Hay una fuerza capaz de llevarnos a término, tenemos que situarnos, en medio de la actividad viva de Dios. «Ven, Espíritu Santo, da su mérito al esfuerzo, danos la salvación y la inacabable alegría. Por Ti, oh Santo Espíritu, ha vivido nuestro Señor, y con tu fuerza ha vencido al mundo. Pero el mundo lo somos nosotros mismos: es nuestro corazón egoísta, ciego y tonto. Tómalo en tu poder, hazlo dócil y ancho, para que Él pueda vivir en nosotros y nosotros en Él»6.
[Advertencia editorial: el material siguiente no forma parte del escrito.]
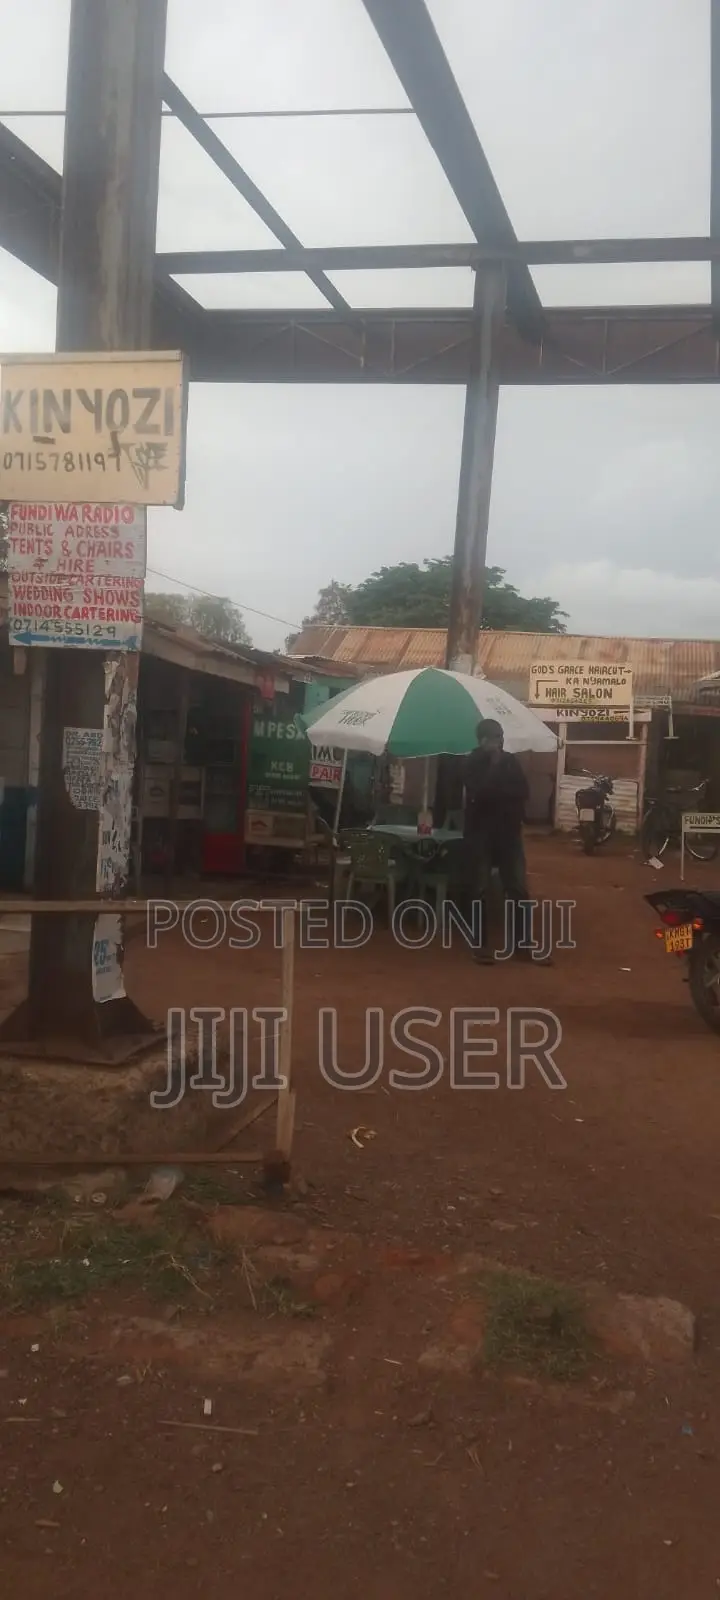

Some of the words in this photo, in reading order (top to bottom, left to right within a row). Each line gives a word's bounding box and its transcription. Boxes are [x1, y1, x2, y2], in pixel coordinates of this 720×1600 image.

[3, 387, 175, 436] KINYOZI
[11, 503, 52, 521] FUNDI
[54, 503, 79, 522] WA
[82, 503, 135, 524] RADIO
[10, 522, 54, 537] PUBLIC
[65, 525, 120, 539] ADRESS
[10, 538, 53, 555] TENTS
[61, 540, 72, 557] &
[76, 541, 135, 559] CHAIRS
[56, 558, 95, 573] HIRE
[12, 585, 74, 602] WEDDING
[83, 588, 139, 607] SHOWS
[13, 603, 61, 619] INDOOR
[64, 605, 141, 624] CARTERING
[13, 620, 116, 638] 0714555129
[531, 665, 555, 675] GOD'S
[545, 687, 567, 699] HAIR
[573, 687, 613, 699] SALON
[556, 709, 610, 717] KINYOZI
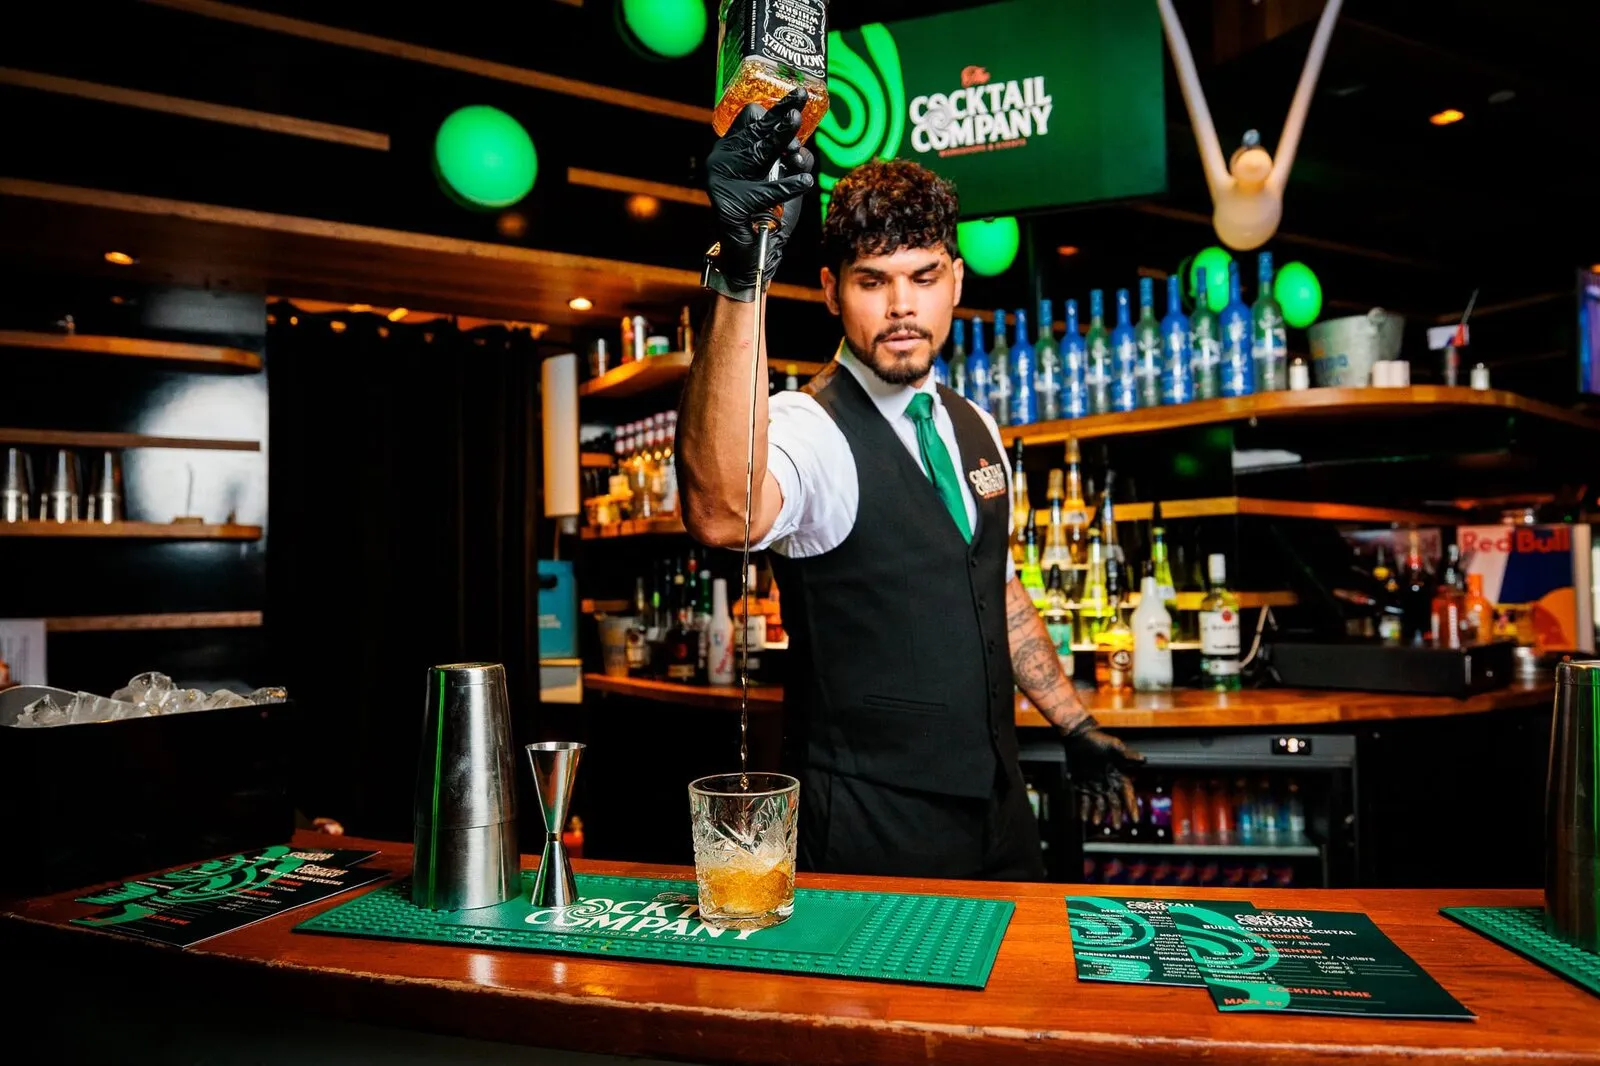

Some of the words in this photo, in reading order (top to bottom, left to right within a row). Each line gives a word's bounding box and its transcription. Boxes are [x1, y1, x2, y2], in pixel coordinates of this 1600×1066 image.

[772, 1, 820, 25] WHISKEY
[762, 33, 803, 66] DANIEL'S
[802, 53, 825, 69] JACK
[909, 75, 1053, 126] COCKTAIL
[911, 104, 1054, 154] COMPANY
[1463, 530, 1512, 553] Red
[1517, 528, 1570, 553] Bull
[1234, 914, 1313, 924] COCKTAIL
[1237, 919, 1314, 928] COMPANY
[1302, 928, 1358, 936] COCKTAIL
[1253, 946, 1323, 954] ELEMENTEN
[1253, 952, 1329, 960] Smaakmakers
[1336, 955, 1376, 963] Vullers
[1268, 985, 1331, 996] COCKTAIL
[1332, 989, 1372, 998] NAME
Yo espero que todas las reflexiones de esta Semana de Teología Espiritual que hoy comenzamos servirán para introducimos más eficazmente en las riquezas de este misterio santo, consolador, del Espíritu de Cristo, que habita en nosotros, porque formamos parte de su Iglesia Santa.

1 Redemptor Hominis, 18.

2 Redemptor Hominis, 18.

3 Discurso sobre el hombre, la cultura y la ciencia a la luz del mensaje de Cristo, 2 de junio de 1980. Véase Juan Pablo II, Viaje pastoral a Francia, BAC popular 28, Madrid 1980, 139-160.

4 Cf. Charles Moeller, Literatura del siglo XX y cristianismo, I, Madrid6 1966, 479.

5 Cf. ibíd., 466.

6 Romano Guardini, El Espíritu de Dios viviente, Madrid 1962, 79.